Prenons l’exemple du
middle-management (chef de projet, responsable d’équipe …).Une équipe SCRUM est
autonome, responsable et s’autogère. La gestion des priorités du produit est
donnée au Product Owner. L’organisation des cérémonies et le support quotidien
à la TEAM est la mission du ScrumMaster. Comment donc repositionner un
responsable d’équipe dans le cadre d’une organisation SCRUM?
Peut-être est il
intéressant de lui donner le rôle de PO, mais attention dès lors à ce qu’il
ne s’immisce pas dans la gestion de la Team. Le faire intégrer la TEAM ?
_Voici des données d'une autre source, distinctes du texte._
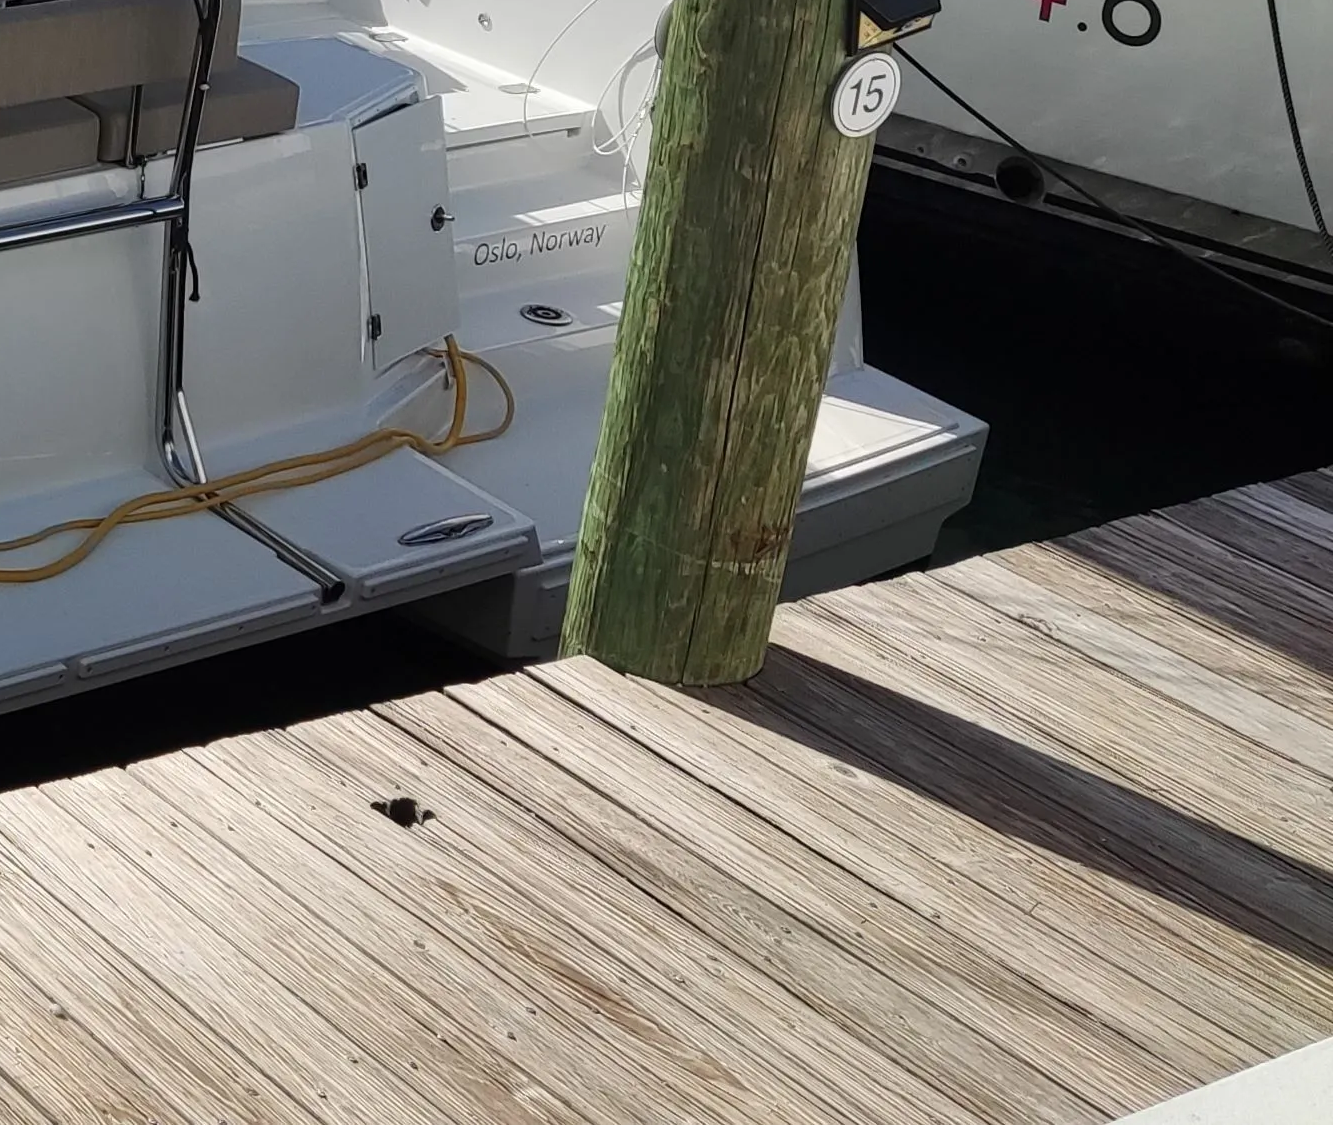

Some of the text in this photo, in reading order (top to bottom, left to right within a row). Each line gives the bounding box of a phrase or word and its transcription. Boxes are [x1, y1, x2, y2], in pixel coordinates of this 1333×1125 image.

Est-ce vraiment bon pour son
autonomie ? Il n’y a
pas de réponse toute faite à ces problématiques, la solution dépend des personnes, du contexte, des
enjeux…
« Des logiciels opérationnels plus
qu’une documentation exhaustive »
Le cycle en V repose
sur la croyance que l’on peut spécifier intégralement un logiciel à l’avance.
La somme de documentations nécessaires peut vite se révéler astronomique.
L’agilité prône une réduction drastique de cette quantité de documents au
profit de livraisons fréquentes et peu espacées dans le temps (« SPRINT »), permettant ainsi de répondre rapidement à de nouveaux
besoins. Si il y a un forte baisse des livrables nécessaires à la réalisation
d’un logiciel, en plus de l’accompagnement nécessaire à le faire accepter, il
faudra peut-être réfléchir à diminuer le nombre de personne dont c’était
l’activité. Les aspects RH de ce genre de décision peut facilement nuire à
l’engagement des collaborateurs concernés. Il convient donc de préparer et
d’accompagner cette transition.
La méthode SCRUM a de
nombreux avantages, mais nécessite une préparation et un accompagnement
quotidien, c’est d’autant plus vrai sur les projets de transformation d’organisation
existante vers l’agile (il est toujours plus facile de créer une
organisation à la cible que d’en faire transiter une existante). Ces efforts ne doivent pas être pris à la légère sous peine
de retarder le retour sur investissement, voir d’échec complet. Rappelons-nous
certaines valeurs SCRUM : humilité, transparence, confiance et courage.